The regional airline industry, much like the airline industry as a whole, is constantly changing. I think it is fair to say that regional carriers are just beginning to stabilize from rapid capacity expansion (driven by mainline pilot contract scope relief) and a recent wave of consolidation.
Regional carriers will be fascinating to watch in the upcoming years. Profit margin targets in capacity purchase agreements have shrunk, and it’s likely that mainline carriers will continue to be tough with the regional carriers in terms of cost control.
This story has been dragging on for years. In 2004, Atlantic Coast Airlines, unhappy with the rates it would be receiving from United for regional service, decided to completely change its business model, branding itself Independence Air.
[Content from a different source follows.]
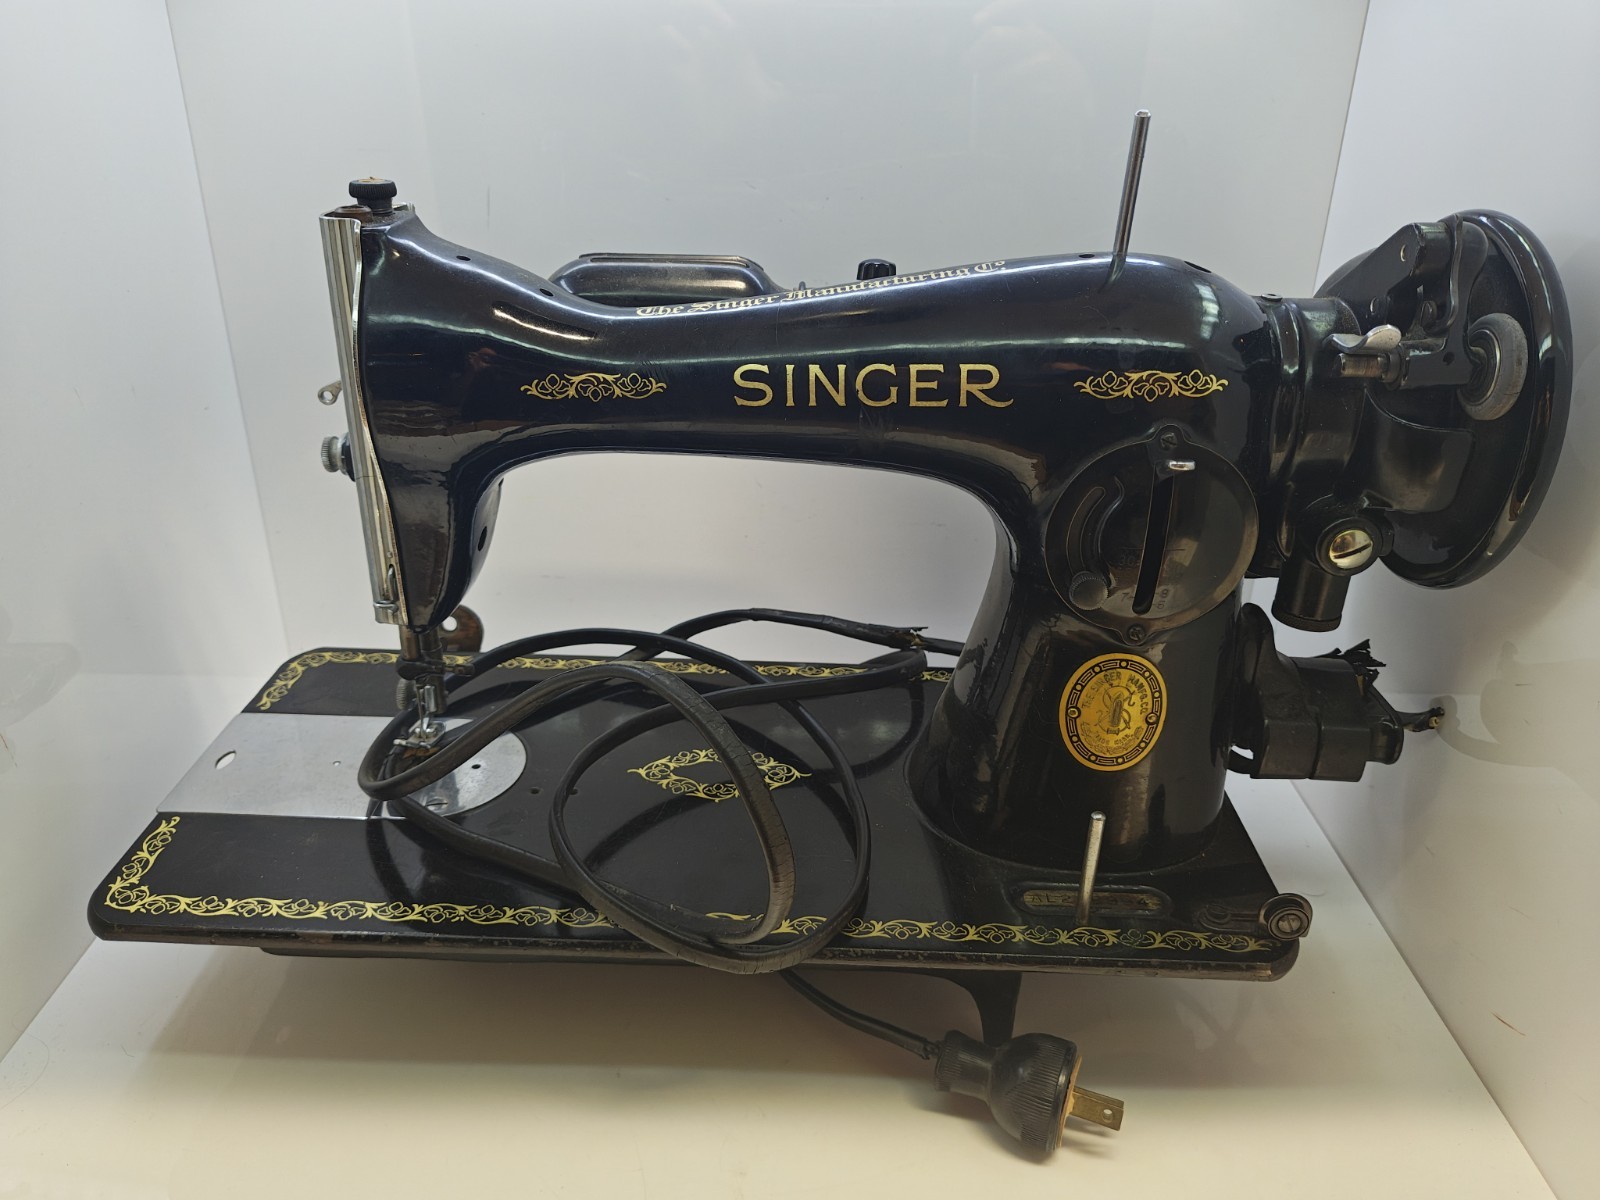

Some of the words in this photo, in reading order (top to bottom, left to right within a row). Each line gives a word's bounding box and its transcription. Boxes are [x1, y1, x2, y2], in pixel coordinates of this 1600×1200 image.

The project failed, of course, but signaled that the era of high operating margins for regional carriers was coming to an end.
It’s fair to say, in my opinion, that Republic decided to try its Frontier experiment due to the dimmer prospects of contract business.
We’ll have to wait for a couple of years, of course, before we begin to see some more clarity on the future of the regional industry. But 2015 will be a big year for US Airways. And Air Wisconsin. And Republic. And Mesa.
In 2015, Air Wisconsin’s contract with US Airways will expire, according to an Air Wisconsin negotiations website. The carrier currently operates 70 CRJ-200s for US Airways Express. In addition, Republic explained in its latest annual report that in the same year its agreement with US Airways to operate 20 E170s and 8 E175s expires. Finally, Mesa, which operates 38 CRJ-900s, will have its contract expire in 2015, after its contract with US Airways was recently extended for 39 months as the regional carrier emerged from bankruptcy.
All of these contracts represent a significant amount of flying for the US Airways Express operation. The big question, of course, is how the Phoenix-based mainline carrier deals with these expiring contracts. The simplest option is to simply extend them, at possibly lower rates (which seems like a very possible scenario, especially for the E-Jet and CRJ-900 flying.)
But what happens to the CRJ-200 flying? The 50-seat jet, once the darling of the industry, has started to fall from favor, especially as new industry economics (driven by oil prices) have come into play. What does US Airways do with that Air Wisconsin flying?
This becomes a bigger issue, of course, as there are no new 50-seat aircraft in production. Bombardier has ceased production of the CRJ-200 and Dash-8-200 (Q200), while Embraer no longer produces the ERJ-135/140/145 family of aircraft.
Only adding to this issue is mainline pilot contracts, which contain scope provisions that outline what flying can actually be done by regional carriers. Pilot contracts are American, United, and US Airways are already amendable, and Delta’s contract runs through the end of next year.
In short…it’s going to be an interesting few years. Regional contracts set years ago will be expiring in a new, post-consolidation era with years of lost growth due to the recession. Airframers aren’t making 50-seaters anymore, and pilot contracts that restrict large regional jet flying are under negotiation.